Eurobloat #0018 • October 2011

October 2011 was the month the eurozone was saved, again, by promising money that did not exist, while the Commission found time between crisis summits to regulate the lettering on a packet of crisps.

Folly of the Month: A trillion euros assembled from thin air

At the small-hours summit of 26 to 27 October, eurozone leaders unveiled their rescue masterplan: lean on private banks to swallow a 50 percent loss on Greek bonds, order every European bank to reach 9 percent capital, and "leverage" the €440bn bailout fund up to a notional €1 trillion. Leverage, here, meant taking the money they did not have and multiplying it by the money they also did not have.
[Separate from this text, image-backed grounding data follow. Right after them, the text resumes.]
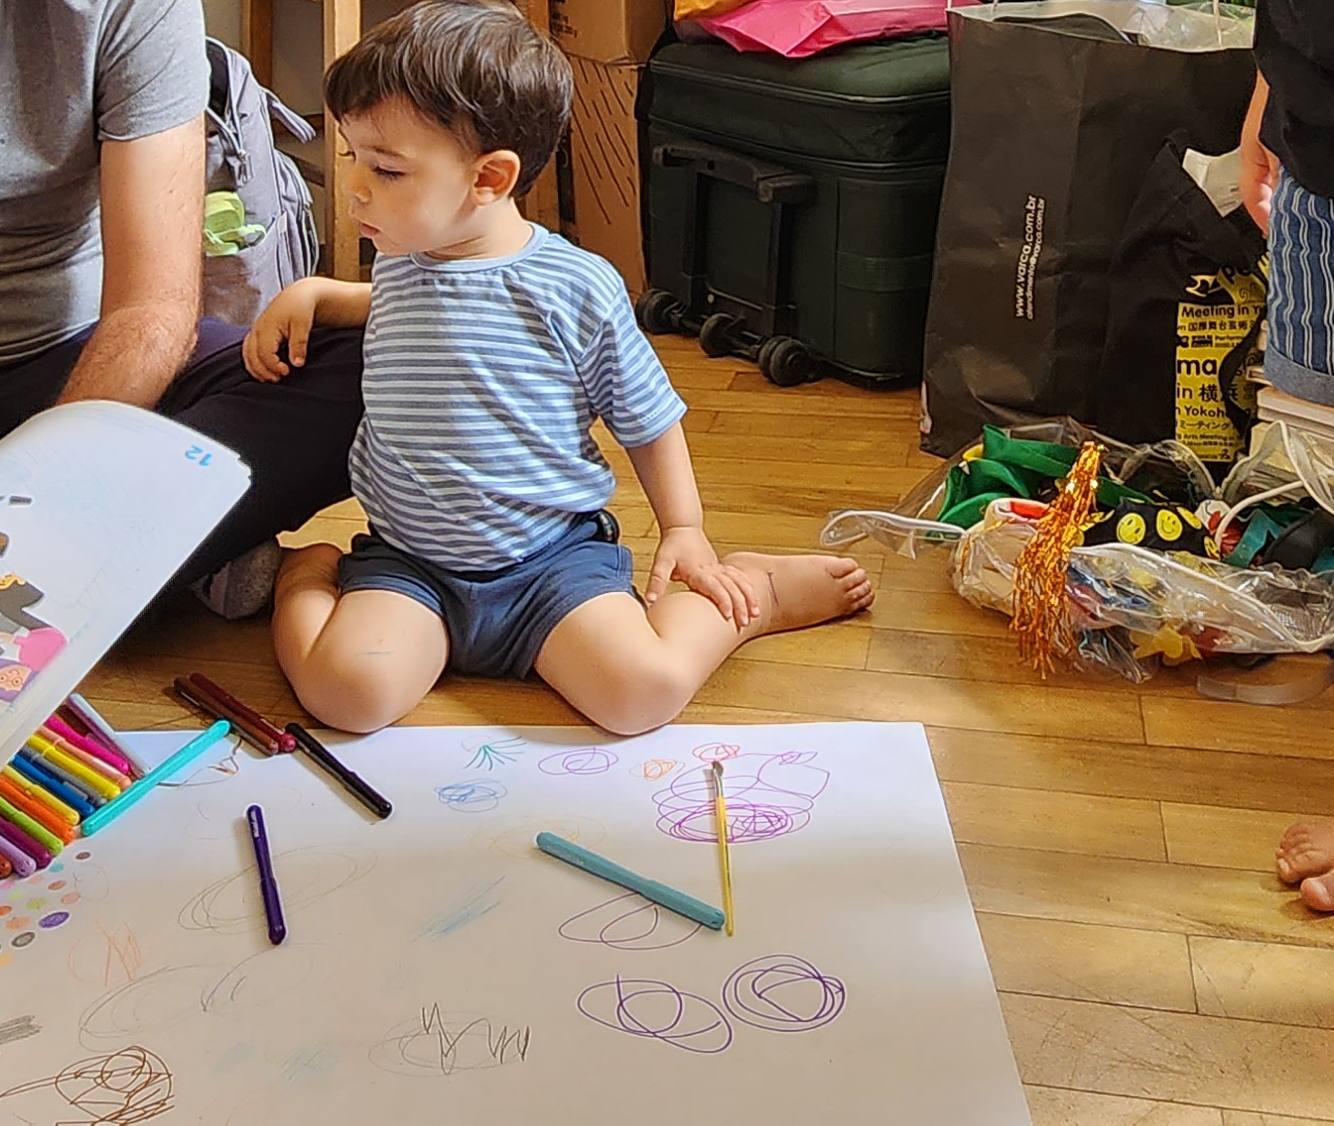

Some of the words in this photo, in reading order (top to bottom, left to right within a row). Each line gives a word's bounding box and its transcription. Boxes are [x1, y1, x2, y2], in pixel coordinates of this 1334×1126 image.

[1016, 195, 1036, 317] www.varca.com.br
[1181, 305, 1233, 319] Meeting
[184, 444, 212, 467] 12
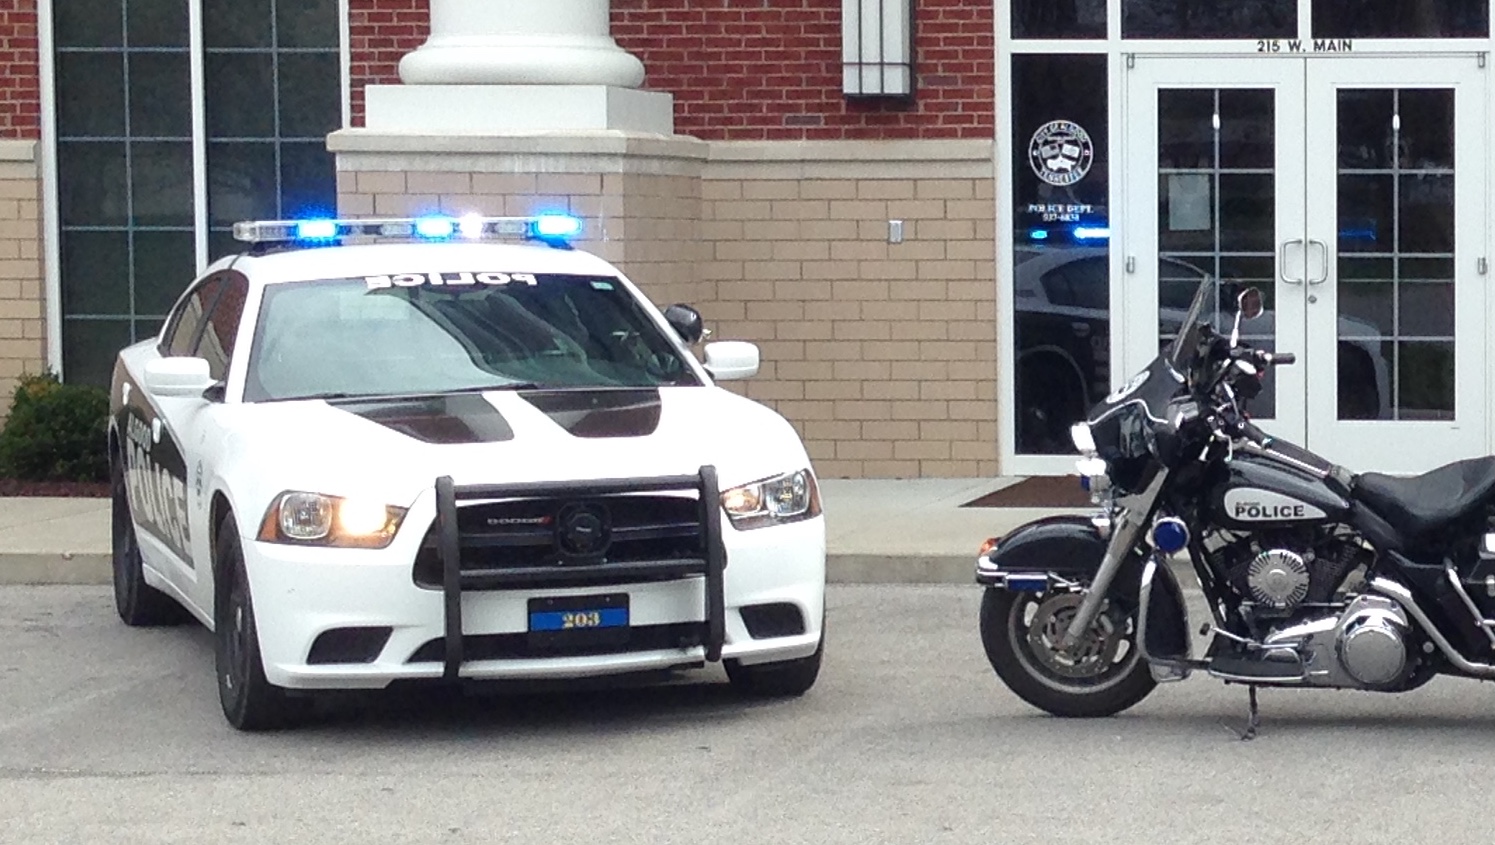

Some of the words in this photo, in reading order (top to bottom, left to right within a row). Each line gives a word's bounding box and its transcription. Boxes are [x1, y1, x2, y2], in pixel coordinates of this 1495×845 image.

[1257, 40, 1280, 52] 215
[1288, 40, 1306, 52] W.
[1313, 40, 1353, 52] MAIN
[127, 436, 192, 560] POLICE
[1235, 505, 1305, 518] POLICE
[562, 612, 600, 628] 203
Within days markets had read the small print, Greece had announced a referendum that panicked Brussels into fury, and the whole edifice was unravelling before the ink dried. The lesson, as ever, was that more Europe could fix anything, provided nobody asked where the cash was coming from.
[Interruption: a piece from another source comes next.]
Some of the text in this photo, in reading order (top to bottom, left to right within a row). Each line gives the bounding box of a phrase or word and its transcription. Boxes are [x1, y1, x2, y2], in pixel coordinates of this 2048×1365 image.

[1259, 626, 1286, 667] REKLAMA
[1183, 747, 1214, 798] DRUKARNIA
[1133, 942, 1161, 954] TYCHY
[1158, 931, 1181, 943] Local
greekreporter.comen.wikipedia.org

1. The Commission decides what an embryo is

On 18 October the Court of Justice ruled in the Brüstle case that techniques destroying a human embryo cannot be patented, and helpfully defined an embryo as every fertilised egg cell from the moment of fertilisation onward. European stem-cell researchers, who had assumed such metaphysics was a matter for member states and their own ethics, discovered that Luxembourg now legislates on the meaning of life.

irishtimes.com

2. Your sandwich gets a rulebook

On 25 October the Parliament and Council adopted Regulation 1169/2011 on food information to consumers, a sprawling text that prescribes mandatory nutrition tables, allergen highlighting and, gloriously, a minimum font size for the small print. Nothing says a thriving single market like Brussels measuring the millimetres of a yoghurt pot.

eur-lex.europa.eu

3. The EU wants a tax of its very own

All through October the Commission's freshly tabled financial transaction tax sat on the agenda, the levy Barroso had unveiled on 28 September to make finance "pay its fair share". The interesting detail was never the 0.1 percent on shares but the destination: a slice was earmarked as an EU "own resource", which is Brussels for a tax that flows to Brussels rather than to the capitals that still imagine they hold the purse.

eur-lex.europa.eu

4. Banning the bets, expanding the watchdog

Around 18 to 19 October, MEPs and the Polish presidency struck a deal to ban naked credit default swaps on sovereign debt and to hand the EU's new financial supervisor, ESMA, the power to overrule national regulators and prohibit short selling across the bloc. Speculators were the announced villains; the quiet winner was a Paris-based agency that may now instruct member states on what their own markets are allowed to do.

europarl.europa.eu

5. A directive to harmonise your shopping basket

Also on 25 October came the Consumer Rights Directive 2011/83, billed as cutting red tape by harmonising contract rules across twenty-seven countries. The achievement of harmonising twenty-seven sets of rules is, of course, the creation of one large new set of rules, drafted in Brussels and binding on all, which is a curious way to describe a simplification.

eur-lex.europa.eu

6. Frontex gets a growth spurt

On 25 October Regulation 1168/2011 handed the EU border agency more staff, more equipment and a broader mandate. After a year in which the agency had watched the Mediterranean route overwhelm Lampedusa, the response was not to ask why the external border leaked but to enlarge the agency that failed to hold it.

eur-lex.europa.eu

7. Opening the labour market on cue

At the same Strasbourg plenary, MEPs pressed member states to throw open their labour markets to Bulgarian and Romanian workers, denouncing the transitional controls a string of governments had sensibly kept. Nations that preferred to manage who arrived and when were lectured for the sin of caution by an assembly that bears none of the cost.

europarl.europa.eu

8. The schoolmaster grades its pupils

The 24 to 27 October session opened with Van Rompuy and Barroso summoned to be quizzed on the summit, and the Parliament wrangling over its stance on the 2012 EU budget, which it wished to see grow even as national treasuries were slashing theirs. The institutions demanding austerity of everyone else proposed, with a straight face, a larger budget for themselves.

europarl.europa.eu

9. A central bank changing horses mid-crisis

On 31 October Jean-Claude Trichet's term ended and Mario Draghi prepared to take the ECB helm the next day, inheriting a bond-buying programme and an interest rate Trichet had raised twice that very year. The pattern repeats: an unelected institution acquires ever more power over the fate of nations, and the only question that changes is which official signs the cheques.